# Problem
Retype each line of the material below word for word; pictures stay out.

# Supplied records
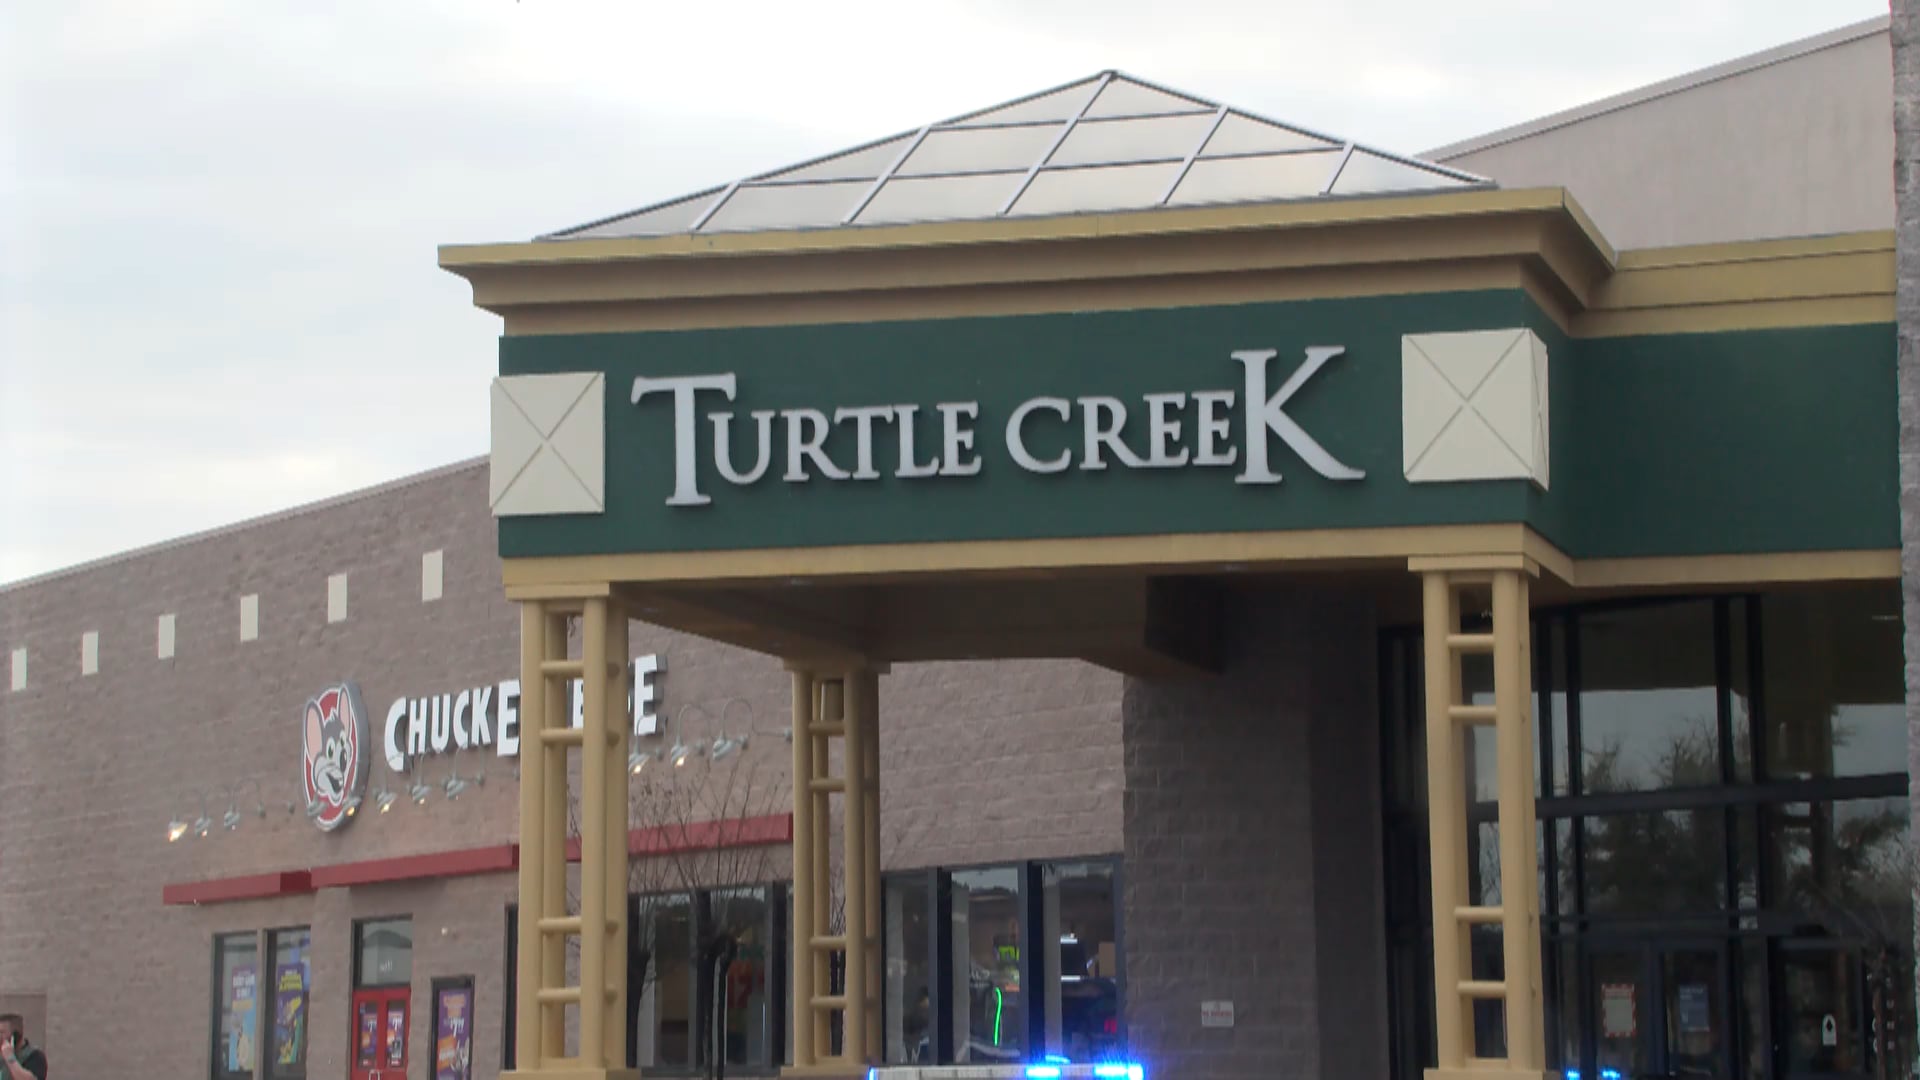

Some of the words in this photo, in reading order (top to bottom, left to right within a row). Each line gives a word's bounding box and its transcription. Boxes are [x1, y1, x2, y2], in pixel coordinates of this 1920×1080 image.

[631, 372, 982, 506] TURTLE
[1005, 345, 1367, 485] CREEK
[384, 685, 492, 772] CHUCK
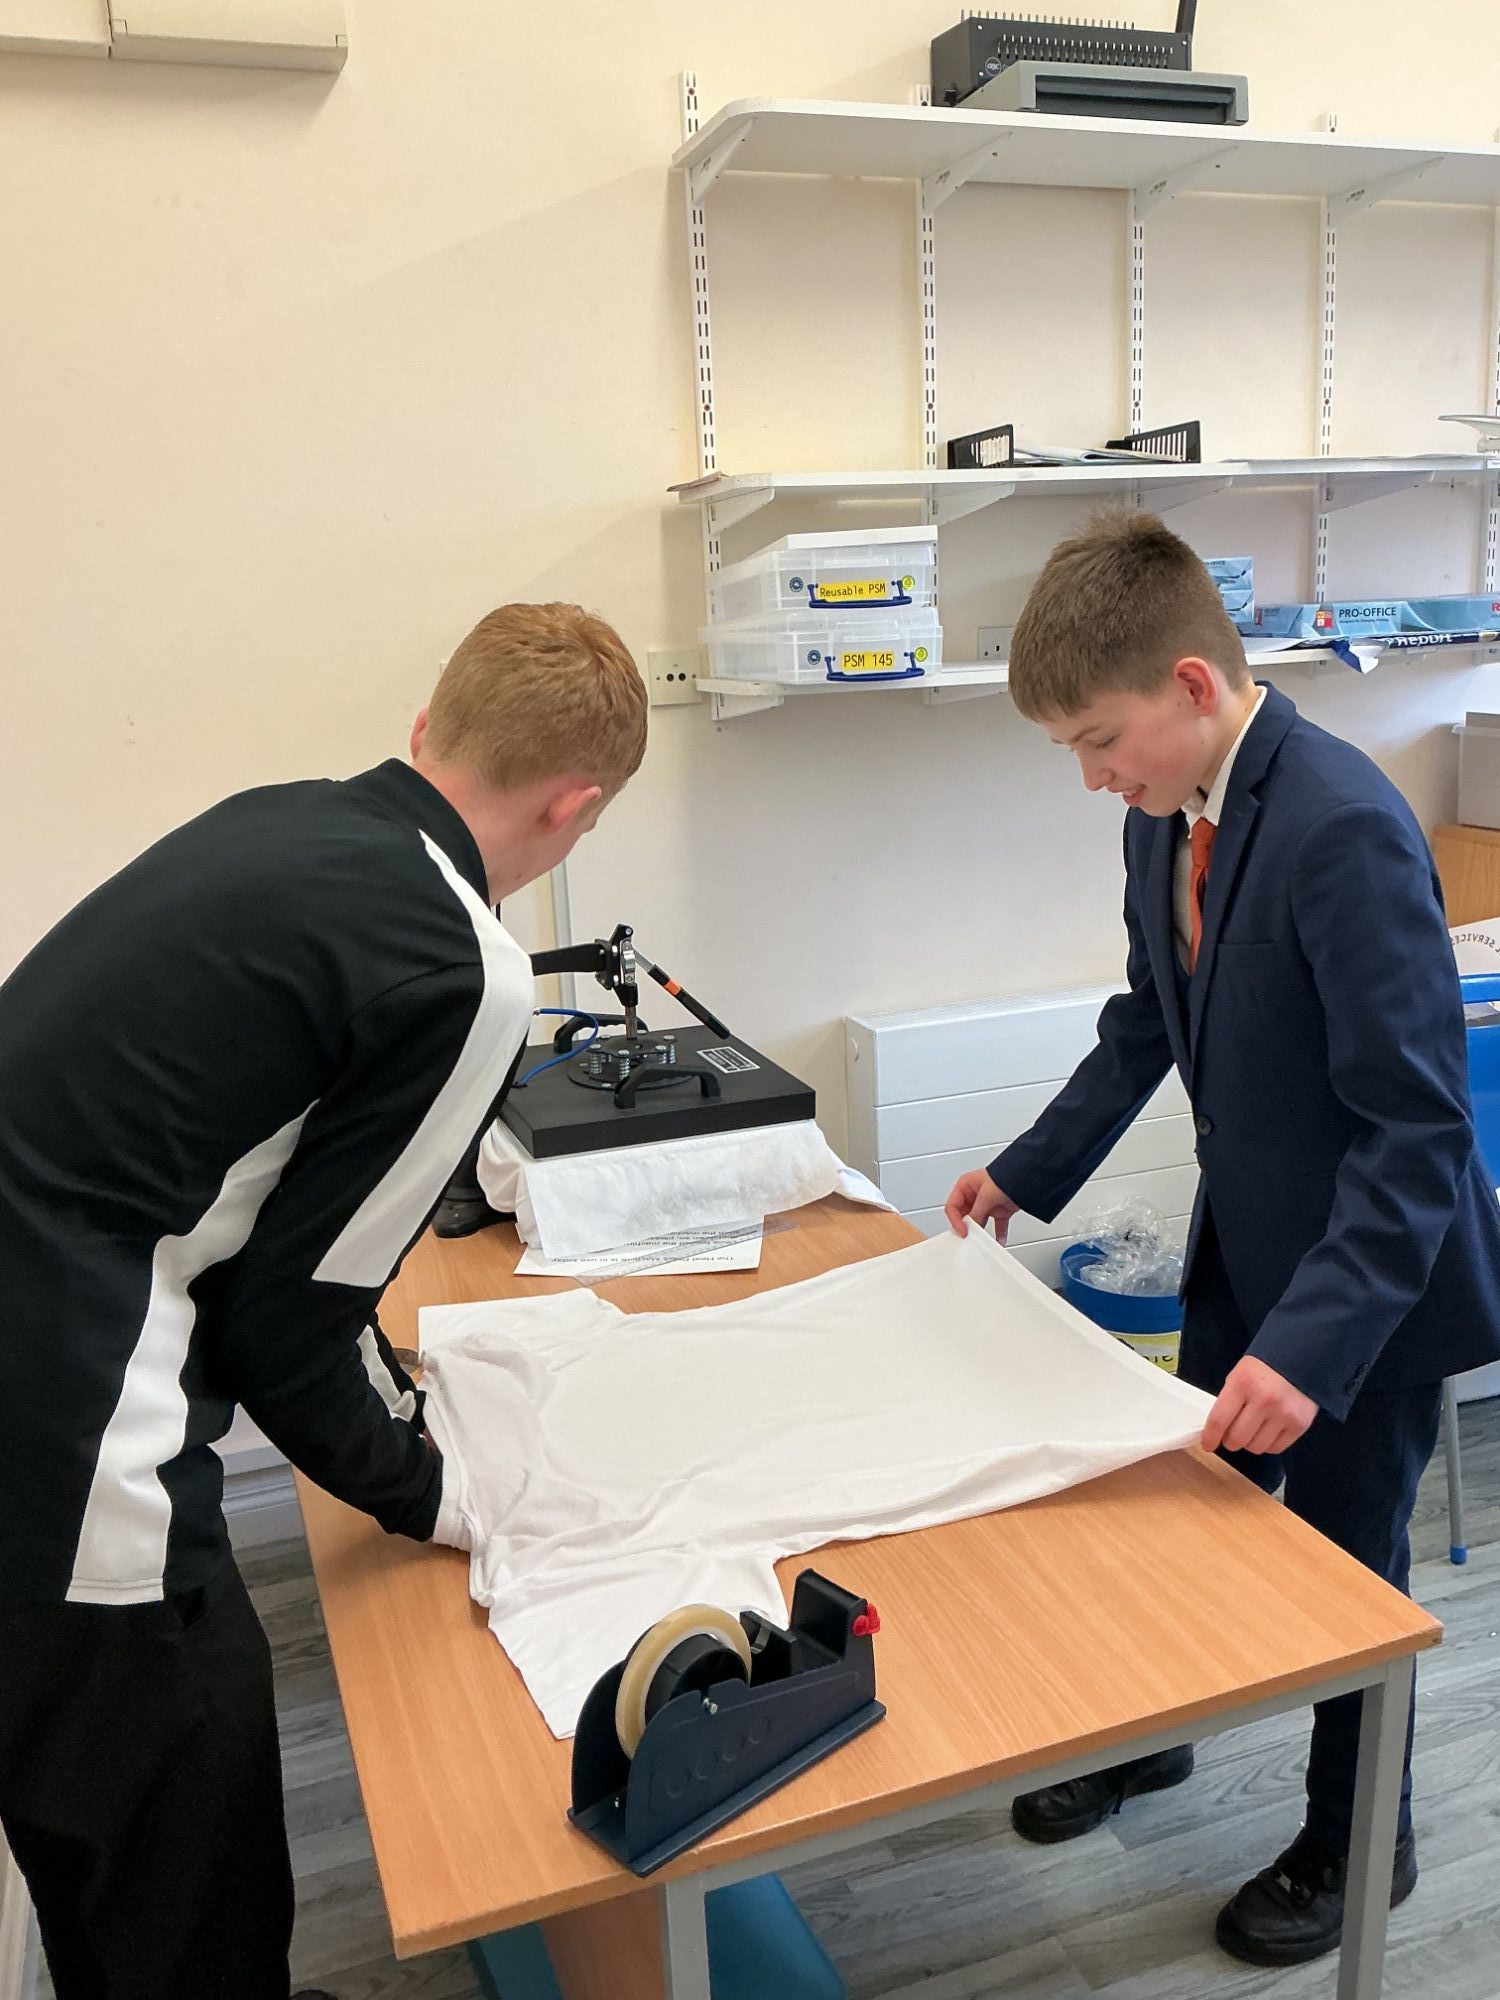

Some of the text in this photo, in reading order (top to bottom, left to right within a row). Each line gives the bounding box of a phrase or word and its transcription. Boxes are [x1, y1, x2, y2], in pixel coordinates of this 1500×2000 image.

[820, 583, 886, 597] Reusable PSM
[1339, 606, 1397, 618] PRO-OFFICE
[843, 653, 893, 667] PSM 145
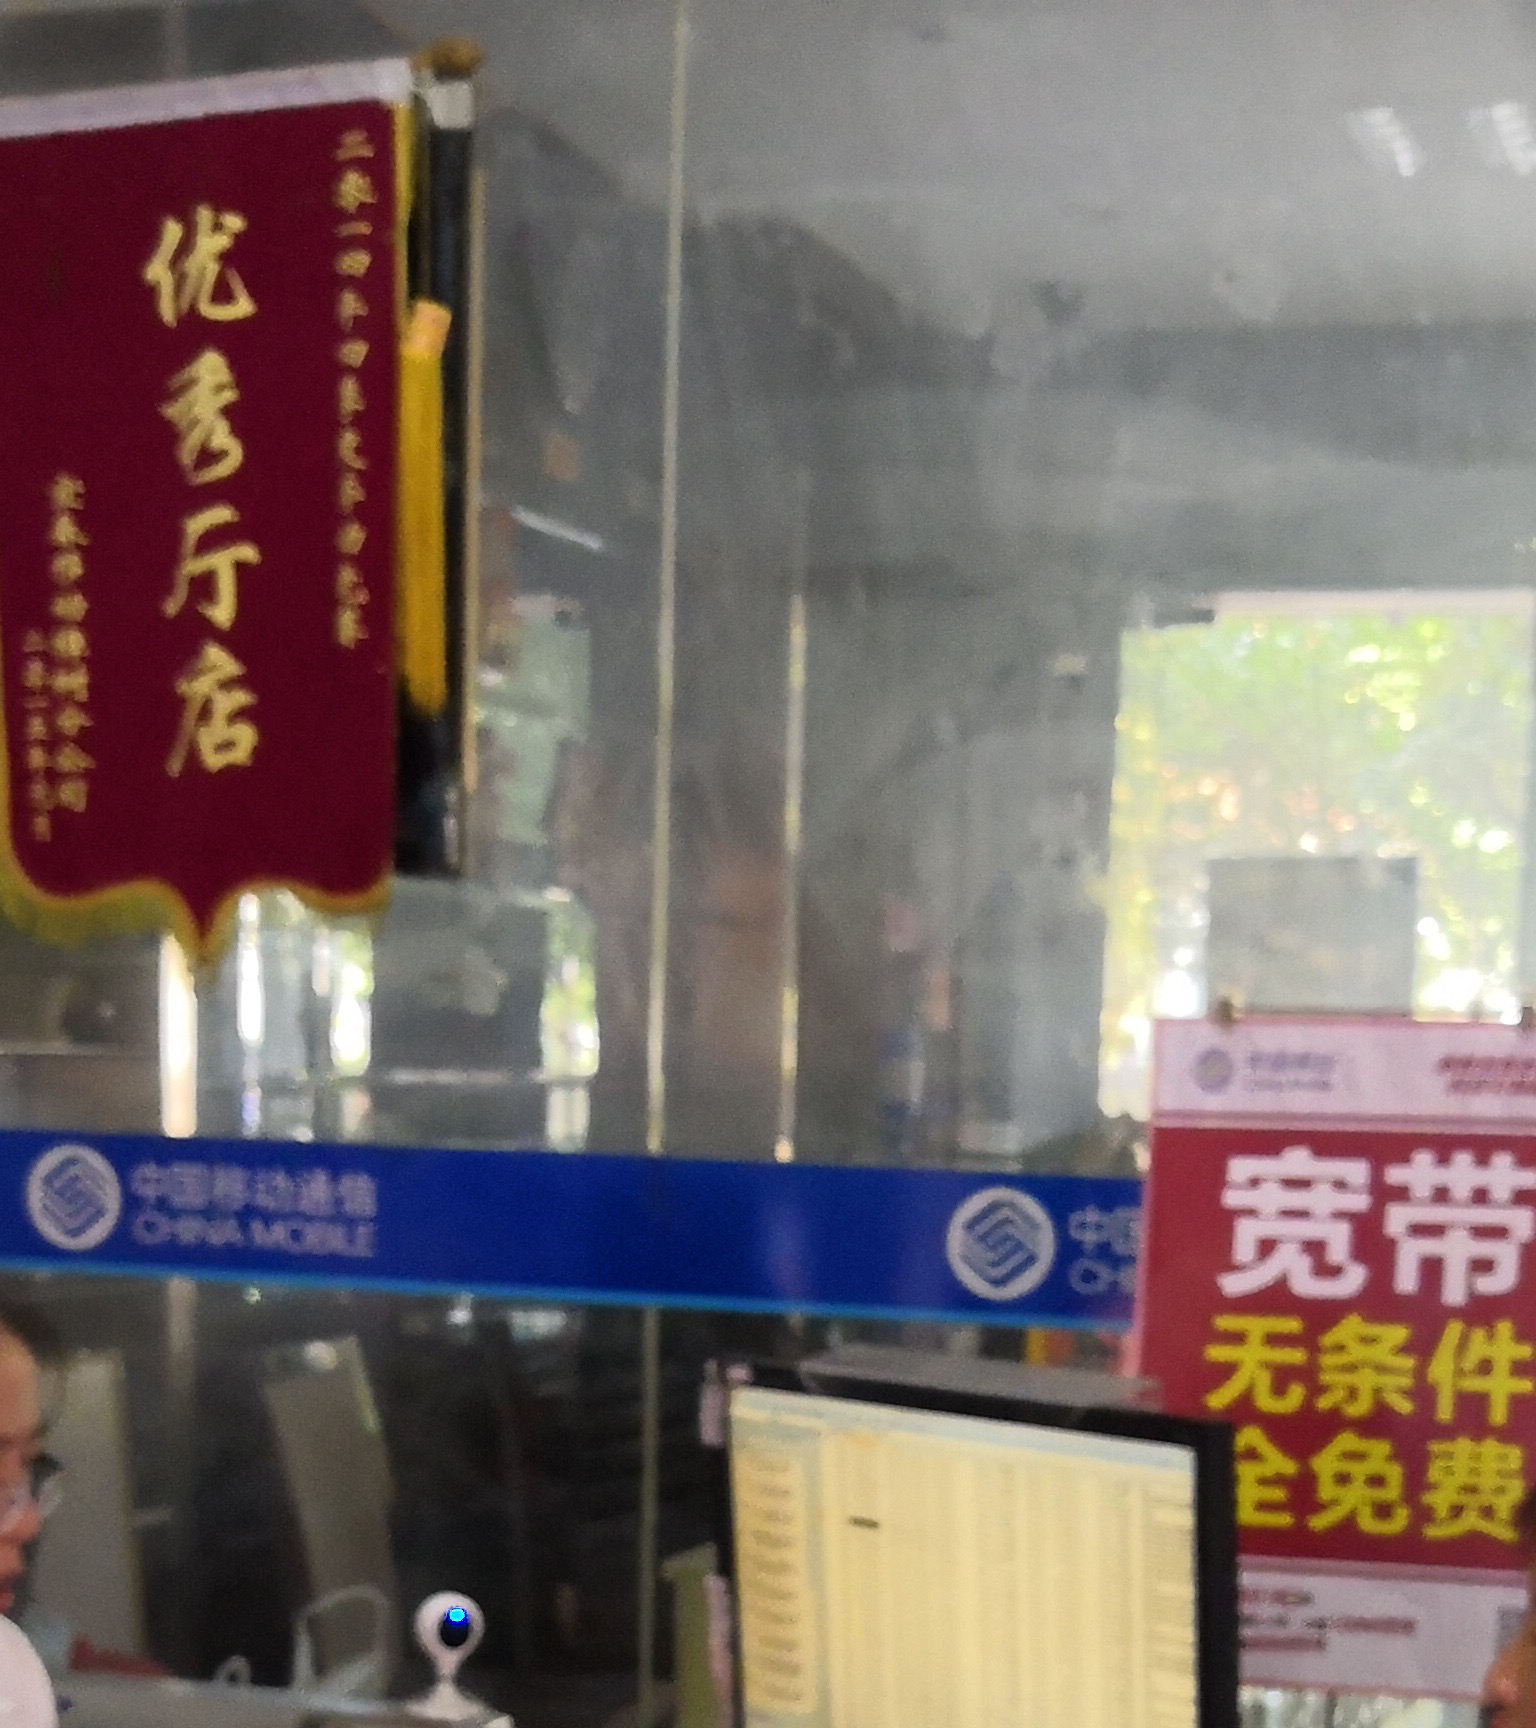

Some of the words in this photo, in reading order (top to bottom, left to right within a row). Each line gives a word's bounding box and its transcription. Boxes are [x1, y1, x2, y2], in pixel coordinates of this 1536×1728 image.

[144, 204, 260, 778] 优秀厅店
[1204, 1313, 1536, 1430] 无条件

# Solution for this problem
Some of the words in this photo, in reading order (top to bottom, left to right within a row). Each line gives a word's bounding box and its transcription. Boxes are [x1, y1, x2, y2], in pixel coordinates of this 1920×1080 image.

[631, 372, 982, 506] TURTLE
[1005, 345, 1367, 485] CREEK
[384, 685, 492, 772] CHUCK

Some of the text in this photo, in reading order (top to bottom, left to right within a row). Each line gives the bounding box of a phrase or word and its transcription. Boxes are [x1, y1, x2, y2], in pixel coordinates of this 1500×2000 image.

[820, 583, 886, 597] Reusable PSM
[1339, 606, 1397, 618] PRO-OFFICE
[843, 653, 893, 667] PSM 145

Some of the words in this photo, in reading order (top to bottom, left to right within a row). Each line gives a word's bounding box and its transcription. Boxes are [x1, y1, x2, y2], in pixel coordinates of this 1536×1728 image.

[144, 204, 260, 778] 优秀厅店
[1204, 1313, 1536, 1430] 无条件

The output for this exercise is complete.